Sessão da meia-noite no Bacacheri

Laura Pointras, por alguns anos (pós 11 de setembro de 2011) pesquisa sobre a segurança nacional e passa a receber e-mails anônimos, assinados sob o pseudônimo de “citizen four”. As mensagens falam sobre documentos secretos do governos estadunidense. Em junho de 2013, Laura Poitras vai a Hong Kong encontrar-se com o remetente dos e-mails, Edward Snowden.

A diretora Laura Poitras é conhecida por documentários de forte cunho político, como My Country, My Country, pelo qual recebeu uma indicação ao Oscar. O filme, que se passa no Iraque ocupado, colocou a cineasta em uma lista do Departamento de Segurança Nacional dos Estados Unidos, fazendo com que fosse muitas vezes parada em aeroportos, tendo objetos verificados e apreendidos. Ela continuou a demonstrar interesse pelos EUA pós-11 de setembro com The Oath e agora fecha sua trilogia com Cidadãoquatro.

Cidadãoquatro – Diante de seu histórico investigativo e político, a diretora chamou a atenção de Edward Snowden, que iniciou um contato cheio de mistério e informou possuir documentos que provavam que agências do governo norte-americano estaria recolhendo dados pessoas da população.
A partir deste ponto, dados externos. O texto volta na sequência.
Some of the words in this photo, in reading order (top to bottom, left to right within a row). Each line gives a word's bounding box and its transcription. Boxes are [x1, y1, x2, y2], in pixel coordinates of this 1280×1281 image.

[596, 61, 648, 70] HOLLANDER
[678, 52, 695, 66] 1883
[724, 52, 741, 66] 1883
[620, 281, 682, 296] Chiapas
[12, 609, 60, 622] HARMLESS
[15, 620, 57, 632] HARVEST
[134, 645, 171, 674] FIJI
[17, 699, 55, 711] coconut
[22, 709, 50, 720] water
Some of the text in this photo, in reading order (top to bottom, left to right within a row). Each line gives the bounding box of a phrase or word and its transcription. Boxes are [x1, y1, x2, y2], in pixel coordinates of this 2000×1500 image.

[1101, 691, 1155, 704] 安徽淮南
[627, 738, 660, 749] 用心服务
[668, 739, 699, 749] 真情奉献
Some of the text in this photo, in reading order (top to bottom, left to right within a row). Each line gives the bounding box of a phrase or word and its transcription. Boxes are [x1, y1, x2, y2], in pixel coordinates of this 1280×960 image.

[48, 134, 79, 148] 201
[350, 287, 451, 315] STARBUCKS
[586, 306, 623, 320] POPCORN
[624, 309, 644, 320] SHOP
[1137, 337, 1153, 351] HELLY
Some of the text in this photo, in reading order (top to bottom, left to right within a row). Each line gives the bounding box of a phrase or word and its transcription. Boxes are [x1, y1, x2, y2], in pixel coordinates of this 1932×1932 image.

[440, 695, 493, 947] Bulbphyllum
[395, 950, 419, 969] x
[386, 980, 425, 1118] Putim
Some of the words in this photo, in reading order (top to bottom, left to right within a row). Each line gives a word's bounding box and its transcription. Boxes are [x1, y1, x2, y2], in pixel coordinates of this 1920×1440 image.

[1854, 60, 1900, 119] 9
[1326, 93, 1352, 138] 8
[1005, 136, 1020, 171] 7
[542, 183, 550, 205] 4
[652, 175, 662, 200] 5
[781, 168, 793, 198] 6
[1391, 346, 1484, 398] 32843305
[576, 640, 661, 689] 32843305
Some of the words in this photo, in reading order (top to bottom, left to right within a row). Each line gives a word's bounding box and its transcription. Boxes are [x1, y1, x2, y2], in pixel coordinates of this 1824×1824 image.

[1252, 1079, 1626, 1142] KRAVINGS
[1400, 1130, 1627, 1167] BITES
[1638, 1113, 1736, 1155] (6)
O longa retrata desde o primeiro contato com Snowden e passa por todo o período em que ele, a diretora e o jornalista Glenn Greenwald, do The Guardian, discutiram como ocorreria o vazamento das informações. Enquanto Snowden era a fonte e Greenwald era o representante da mídia, Poitras era a responsável pelo registro das conversas.

Com cenas rodadas no Rio de Janeiro, em Hong Kong, em Berlim, em Brasília, dentre outras cidades, o longa oferece uma visão ampla e introduz este personagem misterioso que é Edward Snowden, hoje considerado um traidor foragido dos Estados Unidos. Cidadãoquatro não busca canonizar o indivíduo, mas oferecer seu ponto de vista, que é articulado e bem desenvolvido.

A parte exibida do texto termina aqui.